25(OH)D3 stimulates the expression of vitamin D target genes in renal tubular cells when Cyp27b1 is abrogated

• Published in: The Journal of steroid biochemistry and molecular biology Vol. 199; p. 105593
• Main Authors: Kikuyama, Takahiro, Susa, Takao, Tamamori-Adachi, Mimi, Iizuka, Masayoshi, Akimoto, Miho, Okinaga, Hiroko, Fujigaki, Yoshihide, Uchida, Shunya, Shibata, Shigeru, Okazaki, Tomoki
• Format: Journal Article
• Language: English
• Published: Oxford Elsevier Ltd 01.05.2020; Elsevier BV
• Subjects: 25(OH)D3; Biological activity; Calbindin-D9K; Calcium; Calcium metabolism; Chromatin; CRISPR; CRISPR-Cas9; Cyp27b1; Dopamine D3 receptors; Genes; Immunoprecipitation; Kidneys; Reabsorption; Regulatory sequences; Vitamin D; Vitamin D receptors; Vitamin D3; Calcium metabolism; Vitamin D3; Cyp27b1; 25(OH)D3; CRISPR-Cas9
• ISSN: 0960-0760; 1879-1220
• DOI: 10.1016/j.jsbmb.2020.105593

•We generated Cyp27b1 knock out (KO) mDCT cells by using the CRISPR-Cas9 system.•Calbindin-D9K and megalin are common targets of 1,25(OH)2D3 and 25(OH)D3.•Two VDRE sites in the upstream region of the megalin were identified.
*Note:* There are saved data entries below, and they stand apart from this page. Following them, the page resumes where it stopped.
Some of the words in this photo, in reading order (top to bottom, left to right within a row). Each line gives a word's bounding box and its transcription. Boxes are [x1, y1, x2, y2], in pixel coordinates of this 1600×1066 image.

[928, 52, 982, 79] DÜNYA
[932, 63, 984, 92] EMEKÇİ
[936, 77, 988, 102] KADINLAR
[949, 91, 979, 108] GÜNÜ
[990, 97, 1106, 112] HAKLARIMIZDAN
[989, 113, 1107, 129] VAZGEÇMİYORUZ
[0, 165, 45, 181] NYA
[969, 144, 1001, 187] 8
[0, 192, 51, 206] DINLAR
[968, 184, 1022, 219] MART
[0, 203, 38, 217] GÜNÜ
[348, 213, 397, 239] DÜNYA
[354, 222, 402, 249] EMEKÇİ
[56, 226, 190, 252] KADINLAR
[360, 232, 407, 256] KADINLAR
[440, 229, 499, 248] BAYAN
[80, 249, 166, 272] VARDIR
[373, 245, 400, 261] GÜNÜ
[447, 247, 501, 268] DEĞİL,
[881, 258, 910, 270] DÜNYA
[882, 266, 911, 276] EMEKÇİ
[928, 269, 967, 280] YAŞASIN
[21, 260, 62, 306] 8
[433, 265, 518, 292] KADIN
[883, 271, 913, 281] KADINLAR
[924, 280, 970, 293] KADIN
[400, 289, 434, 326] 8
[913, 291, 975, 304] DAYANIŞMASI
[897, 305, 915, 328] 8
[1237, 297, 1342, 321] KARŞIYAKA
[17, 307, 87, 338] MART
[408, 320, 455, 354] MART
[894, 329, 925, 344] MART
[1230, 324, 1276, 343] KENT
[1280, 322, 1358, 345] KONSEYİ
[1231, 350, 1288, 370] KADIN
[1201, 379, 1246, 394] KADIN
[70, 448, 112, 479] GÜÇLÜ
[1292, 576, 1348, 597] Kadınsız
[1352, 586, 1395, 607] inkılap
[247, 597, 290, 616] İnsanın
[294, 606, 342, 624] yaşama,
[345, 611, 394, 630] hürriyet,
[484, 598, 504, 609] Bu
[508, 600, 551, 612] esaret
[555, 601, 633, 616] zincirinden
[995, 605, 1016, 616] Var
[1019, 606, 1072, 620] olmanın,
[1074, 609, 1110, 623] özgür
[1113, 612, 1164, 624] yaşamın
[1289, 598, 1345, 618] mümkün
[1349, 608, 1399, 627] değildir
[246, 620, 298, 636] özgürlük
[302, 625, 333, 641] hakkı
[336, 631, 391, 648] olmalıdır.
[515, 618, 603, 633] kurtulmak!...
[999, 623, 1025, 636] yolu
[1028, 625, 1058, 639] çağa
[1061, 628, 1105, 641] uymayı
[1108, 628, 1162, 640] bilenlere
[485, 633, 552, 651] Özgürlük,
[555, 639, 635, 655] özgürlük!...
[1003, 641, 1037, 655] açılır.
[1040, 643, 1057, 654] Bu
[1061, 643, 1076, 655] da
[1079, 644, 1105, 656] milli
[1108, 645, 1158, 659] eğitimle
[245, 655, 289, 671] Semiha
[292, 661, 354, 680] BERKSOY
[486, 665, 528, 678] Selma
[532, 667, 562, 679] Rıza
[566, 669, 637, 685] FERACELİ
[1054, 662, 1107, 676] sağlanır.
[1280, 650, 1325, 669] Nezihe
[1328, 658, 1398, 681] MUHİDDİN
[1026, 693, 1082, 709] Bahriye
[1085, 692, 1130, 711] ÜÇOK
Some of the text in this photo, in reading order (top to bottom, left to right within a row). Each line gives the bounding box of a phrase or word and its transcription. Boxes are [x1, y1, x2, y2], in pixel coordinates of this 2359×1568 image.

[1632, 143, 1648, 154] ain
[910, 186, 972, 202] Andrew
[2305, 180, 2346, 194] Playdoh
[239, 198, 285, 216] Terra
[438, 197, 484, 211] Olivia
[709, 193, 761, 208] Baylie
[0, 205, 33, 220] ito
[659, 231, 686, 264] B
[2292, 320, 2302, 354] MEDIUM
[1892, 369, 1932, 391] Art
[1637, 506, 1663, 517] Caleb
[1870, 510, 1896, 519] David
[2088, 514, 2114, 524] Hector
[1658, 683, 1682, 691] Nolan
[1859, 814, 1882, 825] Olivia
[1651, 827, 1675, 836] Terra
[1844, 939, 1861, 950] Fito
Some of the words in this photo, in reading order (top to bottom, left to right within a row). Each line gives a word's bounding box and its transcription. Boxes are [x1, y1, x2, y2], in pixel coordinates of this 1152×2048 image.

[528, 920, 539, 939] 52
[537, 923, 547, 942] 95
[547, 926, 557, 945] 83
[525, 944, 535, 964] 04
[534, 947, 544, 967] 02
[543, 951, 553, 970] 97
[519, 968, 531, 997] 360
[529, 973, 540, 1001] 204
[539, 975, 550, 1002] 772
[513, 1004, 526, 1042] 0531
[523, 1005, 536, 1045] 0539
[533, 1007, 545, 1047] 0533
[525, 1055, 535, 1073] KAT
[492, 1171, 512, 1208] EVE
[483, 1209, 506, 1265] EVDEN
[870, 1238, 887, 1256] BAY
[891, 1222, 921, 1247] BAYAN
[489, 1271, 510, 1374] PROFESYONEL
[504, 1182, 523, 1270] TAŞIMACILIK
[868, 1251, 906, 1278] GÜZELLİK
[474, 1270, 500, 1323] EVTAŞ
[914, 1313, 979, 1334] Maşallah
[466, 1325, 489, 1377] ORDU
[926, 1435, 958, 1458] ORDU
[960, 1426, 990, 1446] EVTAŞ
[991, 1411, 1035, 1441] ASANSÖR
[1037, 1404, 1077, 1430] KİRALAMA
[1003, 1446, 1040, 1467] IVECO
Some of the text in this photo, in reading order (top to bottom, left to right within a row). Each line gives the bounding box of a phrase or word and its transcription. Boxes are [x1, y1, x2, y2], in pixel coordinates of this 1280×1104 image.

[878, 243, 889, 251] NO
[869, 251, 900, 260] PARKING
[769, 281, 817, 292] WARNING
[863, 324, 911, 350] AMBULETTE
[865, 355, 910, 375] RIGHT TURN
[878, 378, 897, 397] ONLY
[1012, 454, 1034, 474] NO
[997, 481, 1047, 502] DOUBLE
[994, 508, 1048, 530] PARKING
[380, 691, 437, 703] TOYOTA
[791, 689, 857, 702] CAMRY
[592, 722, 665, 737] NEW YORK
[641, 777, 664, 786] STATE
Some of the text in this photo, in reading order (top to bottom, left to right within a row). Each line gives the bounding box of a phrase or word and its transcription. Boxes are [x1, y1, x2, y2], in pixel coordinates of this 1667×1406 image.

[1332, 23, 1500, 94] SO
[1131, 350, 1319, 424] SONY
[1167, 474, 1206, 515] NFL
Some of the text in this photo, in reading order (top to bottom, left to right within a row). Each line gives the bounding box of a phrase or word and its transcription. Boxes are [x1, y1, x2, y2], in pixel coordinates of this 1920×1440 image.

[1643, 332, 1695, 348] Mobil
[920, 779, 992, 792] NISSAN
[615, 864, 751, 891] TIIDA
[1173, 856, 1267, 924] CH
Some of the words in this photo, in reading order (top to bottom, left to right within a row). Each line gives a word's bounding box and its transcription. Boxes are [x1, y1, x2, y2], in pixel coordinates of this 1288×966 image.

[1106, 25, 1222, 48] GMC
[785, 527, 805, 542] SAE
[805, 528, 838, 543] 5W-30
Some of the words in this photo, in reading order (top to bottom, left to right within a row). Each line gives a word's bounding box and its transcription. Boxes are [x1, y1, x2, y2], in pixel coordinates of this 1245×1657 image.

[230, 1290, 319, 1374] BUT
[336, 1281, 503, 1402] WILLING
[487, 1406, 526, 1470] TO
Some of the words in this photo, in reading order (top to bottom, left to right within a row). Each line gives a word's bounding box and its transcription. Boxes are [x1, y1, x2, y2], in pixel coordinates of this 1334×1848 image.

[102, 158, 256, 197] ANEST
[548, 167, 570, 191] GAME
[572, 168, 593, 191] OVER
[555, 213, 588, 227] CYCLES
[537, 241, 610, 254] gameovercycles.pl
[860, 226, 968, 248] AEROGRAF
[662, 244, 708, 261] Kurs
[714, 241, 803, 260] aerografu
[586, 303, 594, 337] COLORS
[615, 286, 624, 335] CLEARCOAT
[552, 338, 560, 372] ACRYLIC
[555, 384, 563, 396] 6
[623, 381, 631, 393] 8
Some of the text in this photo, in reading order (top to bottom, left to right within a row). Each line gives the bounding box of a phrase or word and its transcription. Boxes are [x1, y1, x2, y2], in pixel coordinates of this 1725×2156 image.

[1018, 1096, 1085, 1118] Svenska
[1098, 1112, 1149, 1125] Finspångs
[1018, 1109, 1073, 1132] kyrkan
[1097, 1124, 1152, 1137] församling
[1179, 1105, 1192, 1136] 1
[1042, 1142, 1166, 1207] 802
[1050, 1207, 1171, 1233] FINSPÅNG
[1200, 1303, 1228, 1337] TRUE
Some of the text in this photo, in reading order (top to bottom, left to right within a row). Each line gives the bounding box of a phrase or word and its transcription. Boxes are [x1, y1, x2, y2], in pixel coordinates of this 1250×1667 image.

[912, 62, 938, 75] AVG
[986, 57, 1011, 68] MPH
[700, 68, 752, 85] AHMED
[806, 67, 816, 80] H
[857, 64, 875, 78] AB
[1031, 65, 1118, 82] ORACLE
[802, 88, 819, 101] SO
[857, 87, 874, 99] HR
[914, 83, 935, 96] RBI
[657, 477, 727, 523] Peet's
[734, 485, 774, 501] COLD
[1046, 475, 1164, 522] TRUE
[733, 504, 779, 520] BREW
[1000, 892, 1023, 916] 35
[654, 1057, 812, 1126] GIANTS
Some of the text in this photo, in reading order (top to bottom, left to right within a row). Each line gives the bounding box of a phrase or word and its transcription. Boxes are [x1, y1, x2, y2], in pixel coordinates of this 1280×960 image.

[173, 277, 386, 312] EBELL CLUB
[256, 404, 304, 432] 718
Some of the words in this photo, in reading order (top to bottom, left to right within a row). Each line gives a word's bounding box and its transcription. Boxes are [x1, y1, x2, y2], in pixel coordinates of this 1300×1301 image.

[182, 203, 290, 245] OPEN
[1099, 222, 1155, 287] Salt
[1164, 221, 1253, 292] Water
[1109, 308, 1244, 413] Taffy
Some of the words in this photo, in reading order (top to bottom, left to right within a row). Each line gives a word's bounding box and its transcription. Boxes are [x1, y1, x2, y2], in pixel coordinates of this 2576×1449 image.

Recently, it was reported that 25(OH)D3 (25D3) has physiological bioactivity in certain tissues derived from Cyp27b1 knockout mice. To investigate the function of 25D3 in the kidney as an informational crossroad of various calciotropic substances, we employed the CRISPR-Cas9 system to knock out Cyp27b1 in the mouse renal distal tubular mDCT cell line. Unlike the previously reported mice in which Cyp27b1 was targeted systemically, Cyp27b1 knockout mDCT cells did not produce any measurable 1α,25(OH)2D3 (1,25D3) after 25D3 administration. As was seen with treatment of Cyp27b1 knockout mDCT cells with ≥10−8 M of 1,25D3, the administration of 10-7 M of 25D3 translocated the vitamin D3 receptor (VDR) into the nucleus and promoted the expression of the representative 1,25D3-responsive gene Cyp24a1. The exhaustive target gene profiles of 25D3 were similar to those of 1,25D3. Subsequently, we confirmed that 25D3 induced the expression of the calcium reabsorption-related gene calbindin-D9K, in a way similar to 1,25D3. We also found that 1,25D3 and 25D3 induced the expression of the megalin gene. A chromatin immunoprecipitation assay identified two vitamin D response elements in the upstream region of the megalin gene that seemed to contribute to its expression. Together, we surmise that the ability of 25D3 to stimulate VDR target genes may provide a novel perspective for its role in certain tissues.